The surface transportation subset of the 2019 Report Card for California’s Infrastructure was released today, just over a month before Election Day, to make sure voters have access to ASCE’s nonpartisan, fact-based assessment of infrastructure when they go to the polls in November to vote on Proposition 6.

Proposition 6 would repeal a bill passed by the California legislature in 2017 that increased available funding for the transportation network. Senate Bill 1, also known as the Road and Repair Accountability Act, reversed decades of underinvestment in California’s infrastructure by providing $5.4 billion in funding for roads, bridges, and transit. SB 1 is paid for by increasing vehicle registration fees, as well as gas and diesel taxes. A “No” vote will ensure that the new funding, which is already being spent on projects in every community in California, stays intact.
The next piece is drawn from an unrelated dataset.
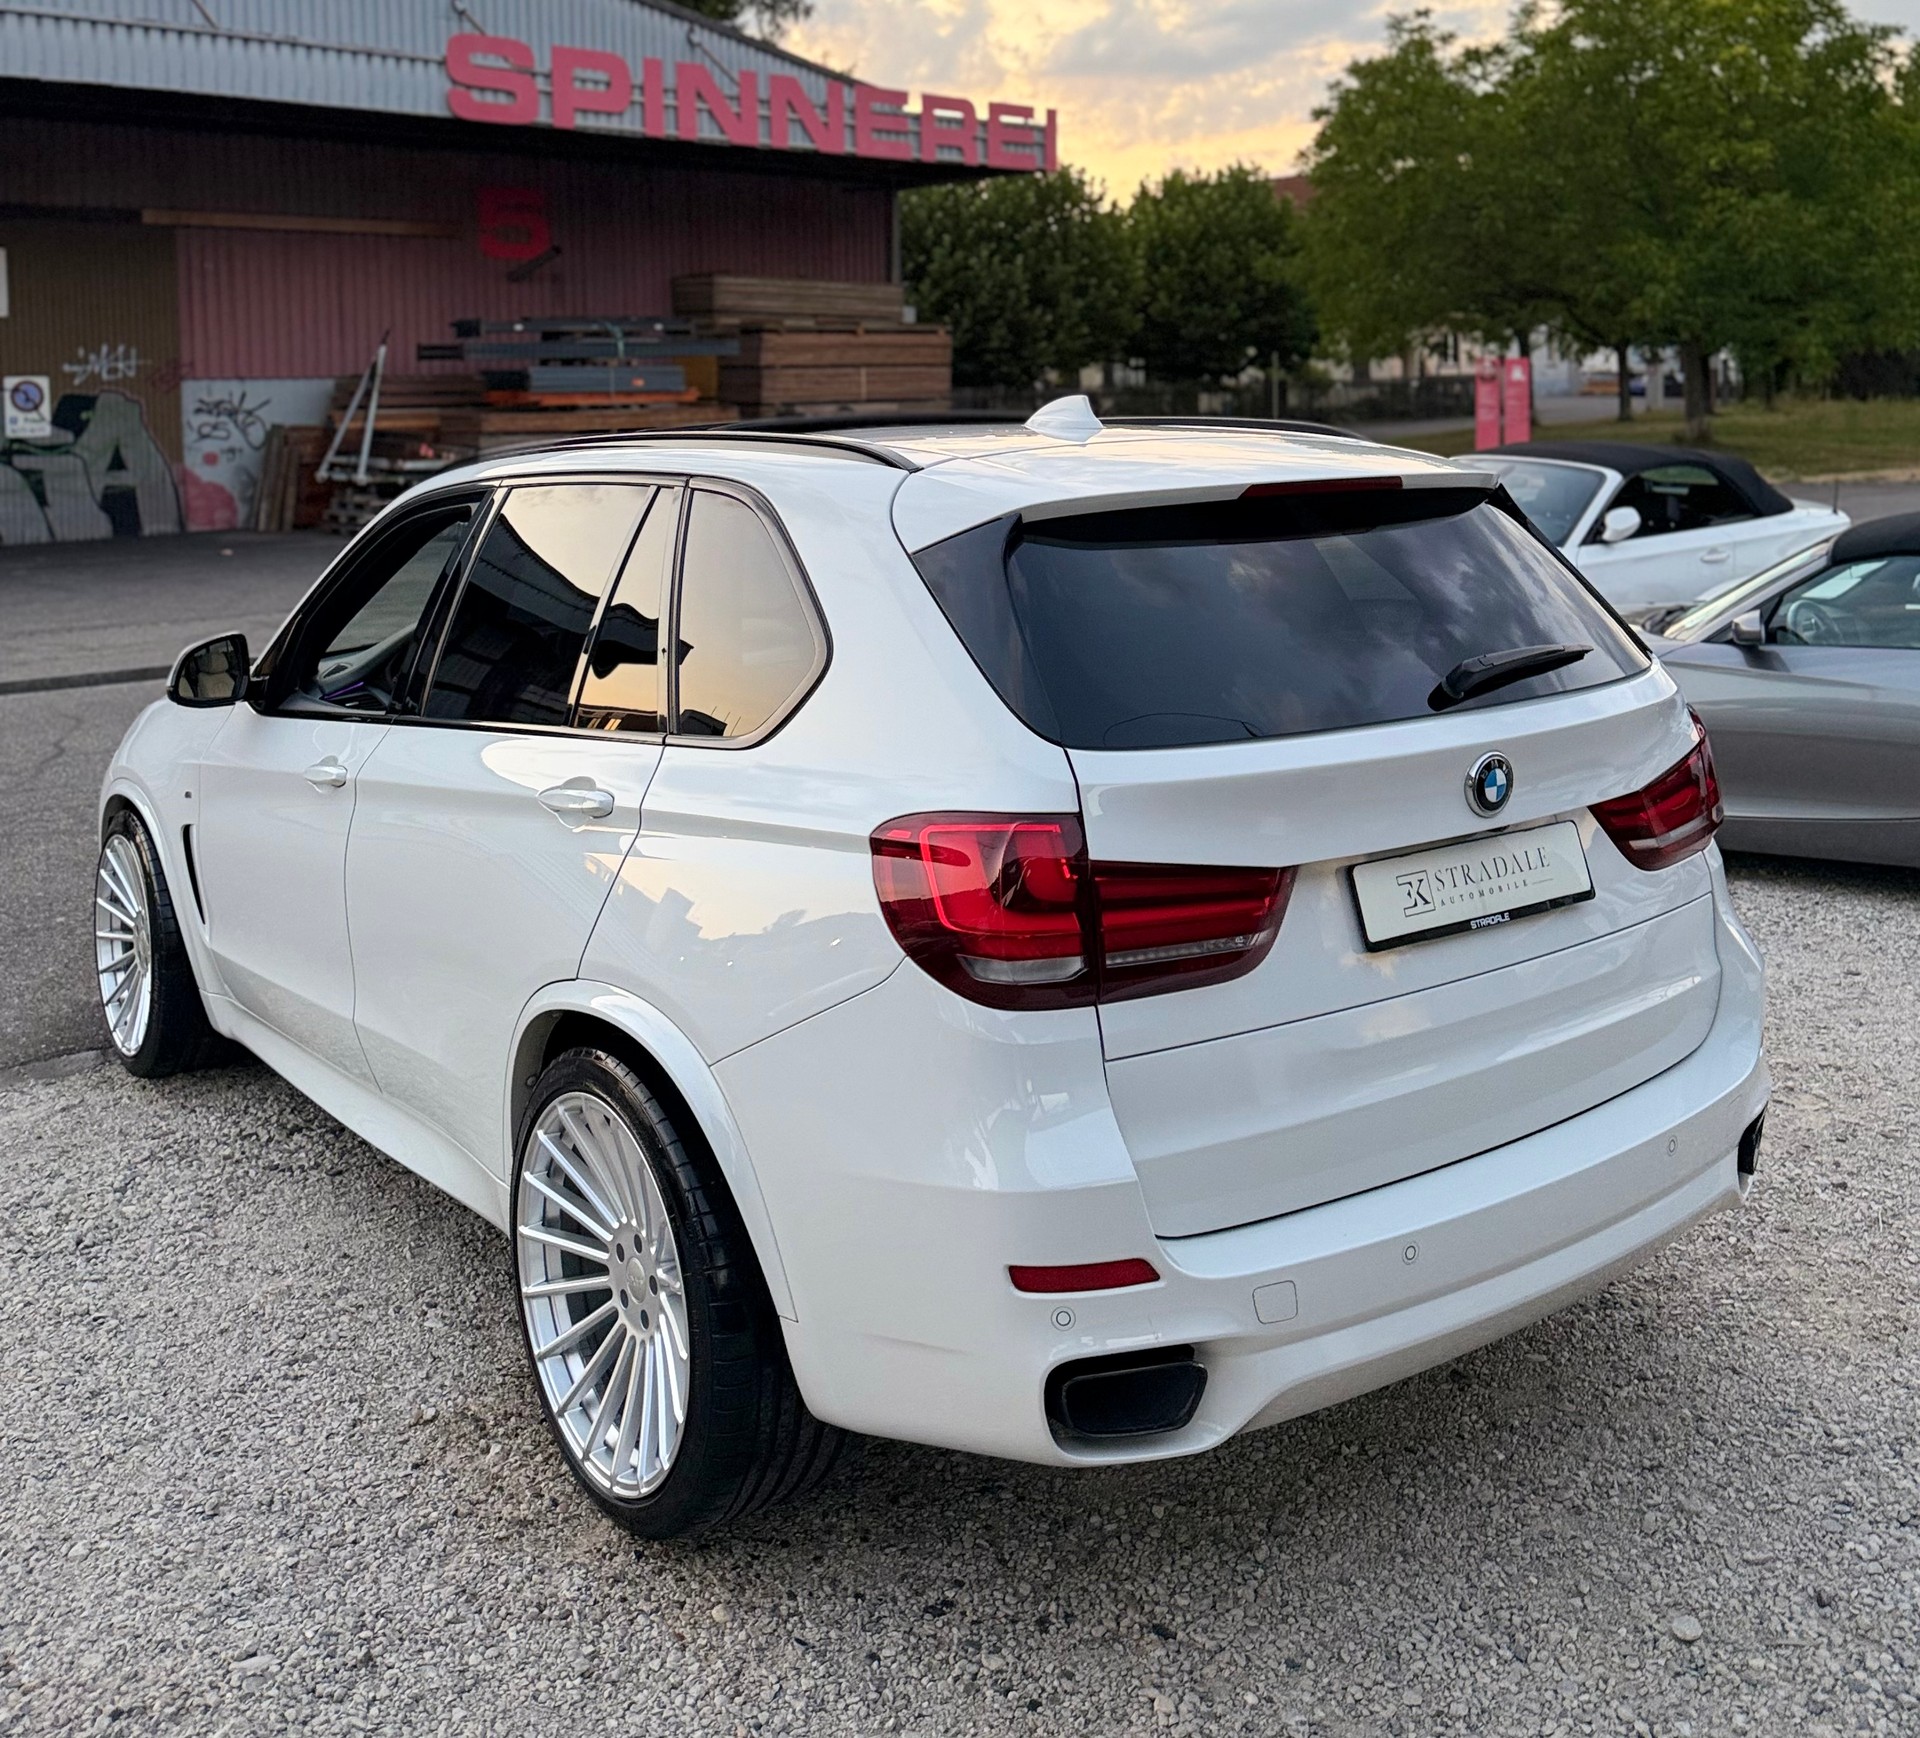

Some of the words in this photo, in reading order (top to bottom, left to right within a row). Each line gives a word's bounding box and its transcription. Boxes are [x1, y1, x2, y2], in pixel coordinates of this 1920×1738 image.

The 2018 Report Card for California’s Surface Transportation Infrastructure finds that 44% of California’s major roads in the state are in poor condition, while 37% are in mediocre or fair condition. In addition, California bridges account for 13 of the top 25 most traveled structurally deficient bridges in the United States. Notably, congestion in California costs drivers up to $1,774 each year in lost time and wasted fuel.

In addition to urging a “No” vote on Proposition 6, ASCE civil engineers made several other recommendations on how to raise the grades. California should continue to invest in the research and development of new technologies, improve the adaptability and resilience of the transportation network against manmade and natural disasters, and prioritize the freight network to get goods to markets in and beyond California.

The Report Card is released as a public service to citizens and policymakers to inform them of the infrastructure needs in their community. The 2019 Report Card for California’s Infrastructure, grading 14 additional categories of infrastructure (17 overall), will be released in February.

ASCE State and Regional Infrastructure Report Cards are modeled after the national Infrastructure Report Card, which gave America’s infrastructure a grade of “D+” in 2017.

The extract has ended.